### TASK STATEMENT:
The entries that follow should be repeated exactly, with no pictures kept.

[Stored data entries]
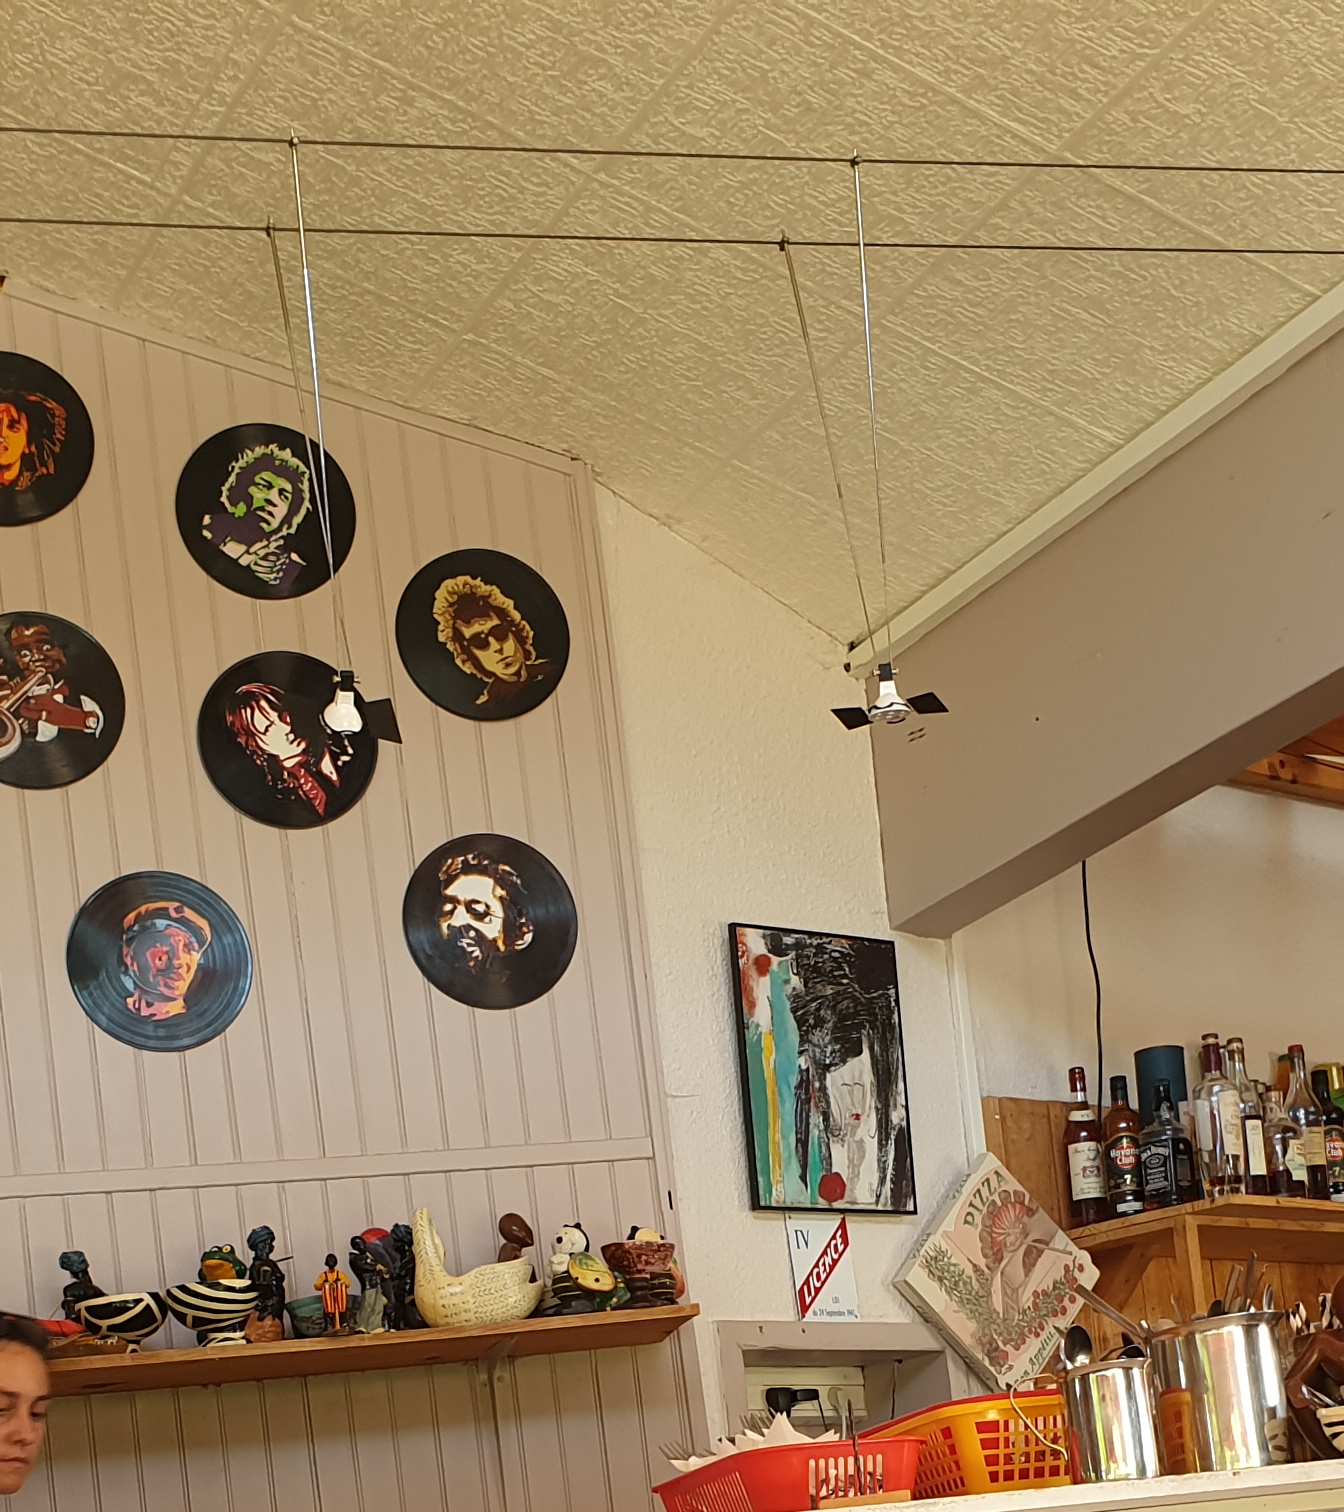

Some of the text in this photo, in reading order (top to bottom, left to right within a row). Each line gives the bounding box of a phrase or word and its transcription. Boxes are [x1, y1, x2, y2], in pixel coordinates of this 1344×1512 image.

[1116, 1155, 1135, 1165] Club
[1123, 1174, 1132, 1185] 7
[962, 1169, 1009, 1231] PIZZA
[794, 1229, 810, 1250] IV
[802, 1228, 845, 1306] LICENCE
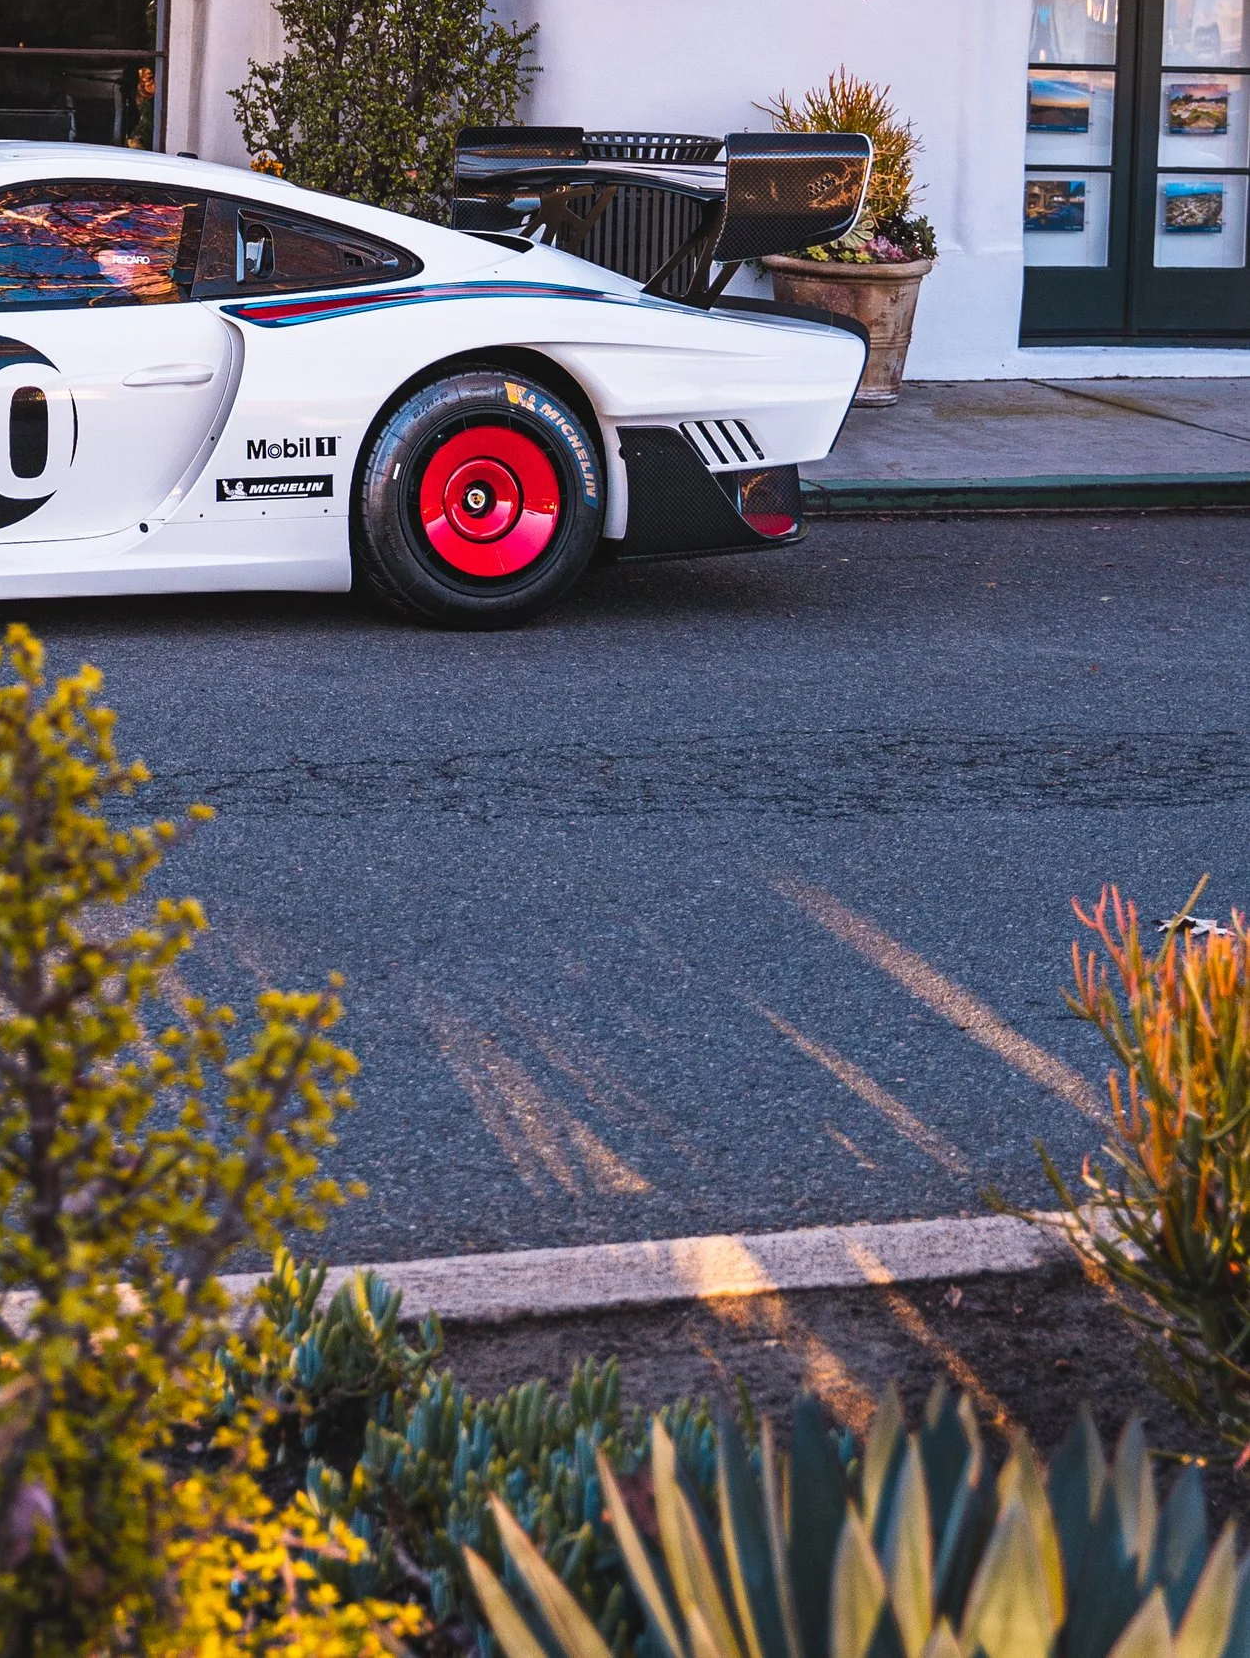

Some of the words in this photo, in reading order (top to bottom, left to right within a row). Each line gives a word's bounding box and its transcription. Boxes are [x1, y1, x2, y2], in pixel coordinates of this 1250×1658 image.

### YOUR SOLUTION:
Some of the text in this photo, in reading order (top to bottom, left to right within a row). Each line gives the bounding box of a phrase or word and its transcription. Boxes are [x1, y1, x2, y2], in pixel coordinates of this 1344×1512 image.

[1116, 1155, 1135, 1165] Club
[1123, 1174, 1132, 1185] 7
[962, 1169, 1009, 1231] PIZZA
[794, 1229, 810, 1250] IV
[802, 1228, 845, 1306] LICENCE

Some of the words in this photo, in reading order (top to bottom, left to right within a row). Each line gives a word's bounding box and its transcription. Boxes are [x1, y1, x2, y2], in pixel coordinates of this 1250×1658 image.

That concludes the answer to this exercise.